The report points a stern finger at the State of Texas and ERCOT over deregulation.

“Deregulation of electric power in Texas by the Legislature has degraded the resiliency and reduced the reliability of the Electric Regulatory Council of Texas (ERCOT) grid over the last 20 years,” the report said adding that the misgivings subjected, “CPS Energy customers to a greater risk of extended power outages during a crisis.”

Beyond the local utilities pur view, San Antonio Mayor Ron Nirenberg said Gov. Greg Abbott can’t claim everything that was needed to fix the energy grid was done in this legislative session.

“Even from the considerations of the public and now our expert committee, the Texas system of energy and quasi-deregulation has set us all up for failure,” Nirenberg said.

Those sentiments were echoed by SAWS CEO Robert Puente, who said the legislature did not take enough action for substantial reform during the session.

“They did a lousy job, they did not at all address the concerns that needed to be addressed,” Puente said, noting ERCOT made a similar call for conservation for several days this month due to high heat and certain power generators being offline for unannounced repairs.

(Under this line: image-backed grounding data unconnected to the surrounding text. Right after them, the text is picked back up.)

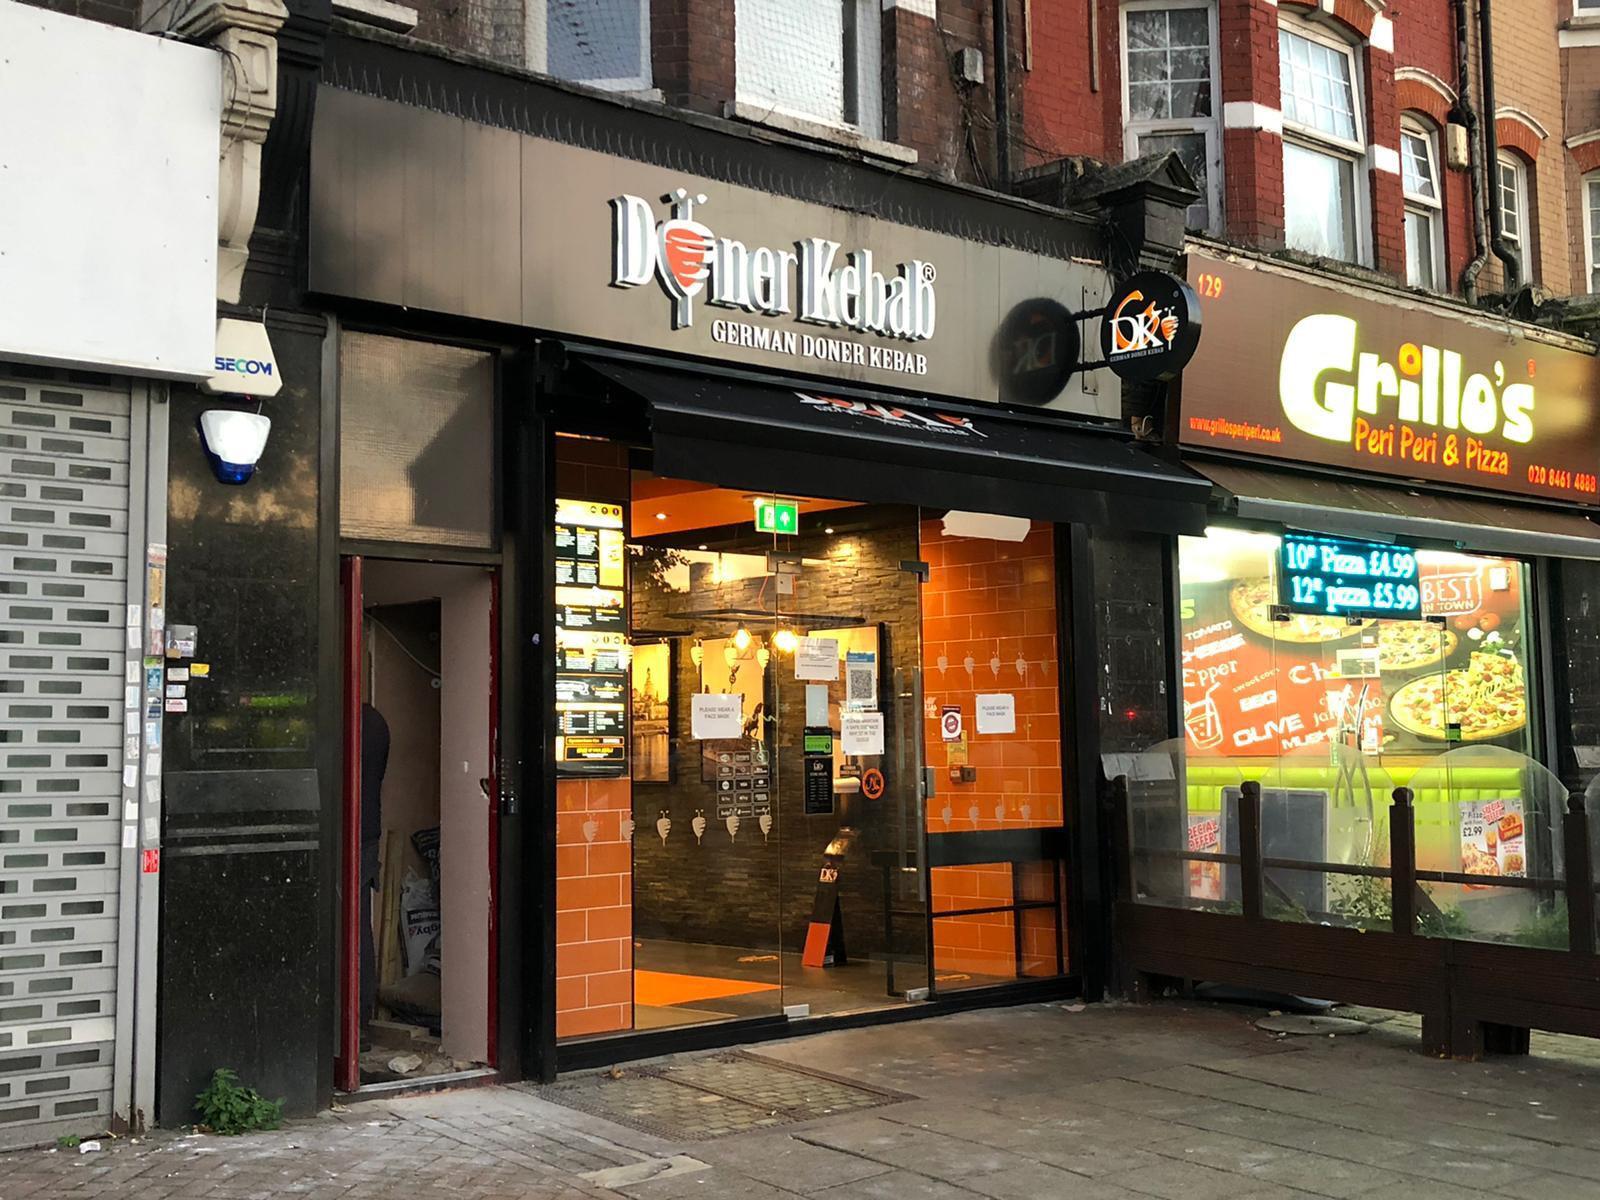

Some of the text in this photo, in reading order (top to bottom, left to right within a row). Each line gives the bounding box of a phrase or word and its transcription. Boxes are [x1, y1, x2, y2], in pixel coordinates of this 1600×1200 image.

[1198, 273, 1223, 299] 129
[711, 318, 928, 376] GERMAN DONER KEBAB
[214, 356, 273, 377] SECOM
[1279, 313, 1536, 444] Grillo's
[1355, 416, 1510, 476] Peri Peri & Pizza
[1527, 463, 1598, 494] 020 8461 4888
[1319, 544, 1368, 576] Pizza
[1369, 550, 1416, 579] £4.99
[1325, 577, 1372, 614] pizza
[1372, 582, 1420, 611] £5.99
[1421, 600, 1475, 613] IN TOWN
[1422, 578, 1474, 603] BEST
[1232, 713, 1304, 748] OLIVE
[1463, 826, 1483, 837] £2.99

Committee Chair Reed Williams highlighted the power sources within CPS Energy that field pointing to the utility’s coal plant only operating at 1% of it’s capacity and the South Texas Project, a shared nuclear plant, not operating at its full potential during the cold.

“This is our biggest single problem as far as generation, the Spruce 1 (coal plant) went down … and while it recovered some — it never fully recovered,” he said.

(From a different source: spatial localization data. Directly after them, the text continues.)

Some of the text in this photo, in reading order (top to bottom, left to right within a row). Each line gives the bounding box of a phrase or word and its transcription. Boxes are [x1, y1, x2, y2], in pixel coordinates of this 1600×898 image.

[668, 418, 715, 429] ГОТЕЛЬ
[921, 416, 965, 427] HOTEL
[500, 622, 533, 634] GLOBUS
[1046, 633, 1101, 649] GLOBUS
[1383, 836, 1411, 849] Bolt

Power failures and load shedding — what meant to start out as short term rolling blackouts but turned into days-long prolonged outages — lead to the cascading decline of other services like losing power to SAWS pumping stations and water shortages.

One of the reports recommendations for improvements includes the two utilities coordinating to determine which SAWS locations must have power generators and/or fuel storage for load reduction events and consider shared uses for generators.

CPS Energy CEO Paula Gold Williams acknowledged the difficulties faced by the utility’s different energy generators and said it will take system wide reform to meaningful impact.

“We’re all connected, this is one grid, and what we do here matters, but what happens everywhere else matters so we’re going to continue to talk across our industry in Texas to make sure that we all know what’s happening but it’s going to take some effort for us to work together,” Gold-Williams said.

The three entities must now implement the recommendations amid the prospect of resuming disconnections that were paused during the still-lingering pandemic and proposed rate increases from CPS Energy that could take place in the Fall all while attempting to retain public faith in the utilities.